The goals of treatment of neuromuscular scoliosis are to achieve a balanced spine and level pelvis with most constructs including pelvic fixation. However, the pelvis can become a stiff “end vertebra” that prevents compensatory mechanisms to adjust to hip deformities in this patient population. The purpose of this study is to determine the frequency of hip pathology and surgery after spinal fusion in this patient population.

Methods:

We performed a retrospective chart and radiographic review of cerebral palsy patients who underwent posterior spinal fusion (PSF) at our institution from 2005 to 2011. We collected radiographic data of preoperative and postoperative pelvic obliquity and hip reduction status and position (up, level, down).

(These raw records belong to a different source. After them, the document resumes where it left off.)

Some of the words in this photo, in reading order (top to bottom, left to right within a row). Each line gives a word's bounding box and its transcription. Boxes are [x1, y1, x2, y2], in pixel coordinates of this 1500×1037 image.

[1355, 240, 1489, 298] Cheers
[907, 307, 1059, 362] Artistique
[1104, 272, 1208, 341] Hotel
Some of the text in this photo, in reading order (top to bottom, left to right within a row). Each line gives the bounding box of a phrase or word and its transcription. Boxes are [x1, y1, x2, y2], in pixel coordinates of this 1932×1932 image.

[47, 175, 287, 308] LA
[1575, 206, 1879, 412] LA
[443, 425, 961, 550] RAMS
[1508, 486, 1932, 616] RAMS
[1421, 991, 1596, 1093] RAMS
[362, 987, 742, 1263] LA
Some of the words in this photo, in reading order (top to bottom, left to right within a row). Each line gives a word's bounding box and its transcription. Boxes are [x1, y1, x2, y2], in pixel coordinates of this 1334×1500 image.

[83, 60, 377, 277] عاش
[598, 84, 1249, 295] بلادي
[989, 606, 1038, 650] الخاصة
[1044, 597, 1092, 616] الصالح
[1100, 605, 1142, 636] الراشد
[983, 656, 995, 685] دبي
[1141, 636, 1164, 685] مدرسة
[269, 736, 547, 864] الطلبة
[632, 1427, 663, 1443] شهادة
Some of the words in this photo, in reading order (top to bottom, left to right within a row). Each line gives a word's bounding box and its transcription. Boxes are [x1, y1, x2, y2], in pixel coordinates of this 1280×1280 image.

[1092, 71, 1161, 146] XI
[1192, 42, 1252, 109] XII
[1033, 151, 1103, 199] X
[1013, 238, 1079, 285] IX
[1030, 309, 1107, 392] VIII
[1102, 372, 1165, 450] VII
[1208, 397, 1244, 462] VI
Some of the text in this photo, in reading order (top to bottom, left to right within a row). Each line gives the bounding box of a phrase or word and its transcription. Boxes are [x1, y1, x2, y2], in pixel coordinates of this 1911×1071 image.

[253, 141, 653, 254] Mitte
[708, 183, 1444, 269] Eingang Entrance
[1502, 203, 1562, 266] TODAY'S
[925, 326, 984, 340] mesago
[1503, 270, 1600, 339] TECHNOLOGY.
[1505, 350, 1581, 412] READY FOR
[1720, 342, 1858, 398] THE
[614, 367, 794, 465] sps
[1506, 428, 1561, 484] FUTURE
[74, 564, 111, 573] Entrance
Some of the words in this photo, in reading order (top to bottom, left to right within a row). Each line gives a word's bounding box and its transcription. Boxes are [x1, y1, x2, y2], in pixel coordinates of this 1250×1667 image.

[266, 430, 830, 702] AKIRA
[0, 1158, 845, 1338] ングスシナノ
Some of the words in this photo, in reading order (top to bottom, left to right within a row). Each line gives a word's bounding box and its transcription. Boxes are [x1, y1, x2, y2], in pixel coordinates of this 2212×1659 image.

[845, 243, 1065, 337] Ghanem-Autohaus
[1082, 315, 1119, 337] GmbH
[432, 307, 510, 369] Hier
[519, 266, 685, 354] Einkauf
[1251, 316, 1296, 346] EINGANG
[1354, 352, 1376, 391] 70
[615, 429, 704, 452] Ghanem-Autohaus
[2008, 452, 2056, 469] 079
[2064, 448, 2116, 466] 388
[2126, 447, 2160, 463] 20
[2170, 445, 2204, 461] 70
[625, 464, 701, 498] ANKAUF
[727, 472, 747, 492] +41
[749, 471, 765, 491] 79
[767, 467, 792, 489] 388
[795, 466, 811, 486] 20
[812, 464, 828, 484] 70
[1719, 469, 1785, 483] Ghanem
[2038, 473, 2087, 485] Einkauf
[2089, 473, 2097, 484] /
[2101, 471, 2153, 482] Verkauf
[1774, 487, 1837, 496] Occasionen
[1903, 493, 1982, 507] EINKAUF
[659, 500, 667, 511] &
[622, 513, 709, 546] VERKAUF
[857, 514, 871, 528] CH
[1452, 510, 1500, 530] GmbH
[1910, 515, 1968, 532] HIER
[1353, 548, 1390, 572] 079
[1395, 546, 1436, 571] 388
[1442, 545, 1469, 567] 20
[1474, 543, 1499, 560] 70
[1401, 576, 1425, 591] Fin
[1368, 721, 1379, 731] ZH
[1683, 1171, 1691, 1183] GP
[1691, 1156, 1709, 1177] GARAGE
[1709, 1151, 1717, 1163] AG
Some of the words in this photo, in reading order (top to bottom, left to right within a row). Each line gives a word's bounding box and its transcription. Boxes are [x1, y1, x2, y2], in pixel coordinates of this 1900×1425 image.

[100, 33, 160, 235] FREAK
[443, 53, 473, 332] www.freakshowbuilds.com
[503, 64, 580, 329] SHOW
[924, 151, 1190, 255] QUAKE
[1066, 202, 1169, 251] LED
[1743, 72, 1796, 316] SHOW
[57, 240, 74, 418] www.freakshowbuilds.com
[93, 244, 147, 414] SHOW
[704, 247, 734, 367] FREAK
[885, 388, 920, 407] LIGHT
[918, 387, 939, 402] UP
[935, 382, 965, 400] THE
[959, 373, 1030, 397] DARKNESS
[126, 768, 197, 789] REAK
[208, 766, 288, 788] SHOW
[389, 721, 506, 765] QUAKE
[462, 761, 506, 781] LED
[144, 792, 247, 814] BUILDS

We further evaluated patients requiring hip surgery (containment or salvage).

Results:

Of 47 patients with an average follow-up of 3.5 years after spinal fusion, 21 (45%) underwent a hip procedure. Thirty-eight patients (81%) demonstrated or developed hip subluxation/dislocation. Hip pathology occurred more often in the up hip, but the pathologic down hip more often underwent a hip surgery. Eight new hip subluxation/dislocations occurred after spine surgery. Three (38%) of the new postoperative subluxation/dislocations required hip surgery; all had pelvic obliquity <6 degrees. Eleven patients underwent hip surgery before PSF, 7 were varus femoral osteotomies for subluxation, whereas 5 hips required salvage. In follow-up after PSF, none of these had a new dislocation. Ten patients required hip surgery after PSF at a mean of 1.6 years after PSF. Eight patients had a salvage procedure for painful hip and 2 varus femoral osteotomies for subluxations.

Conclusions:

In our cerebral palsy patients who underwent PSF, 45% of these patients required a hip procedure. In the patients who had containment before PSF, the hips maintained reduction after spinal fixation. After correction of pelvic obliquity, 17% of patients had new-onset hip subluxation/dislocation after PSF. Postoperative subluxation/dislocation was not dependent on whether the hip was up or down preoperatively.

Level of Evidence:

IV, Retrospective.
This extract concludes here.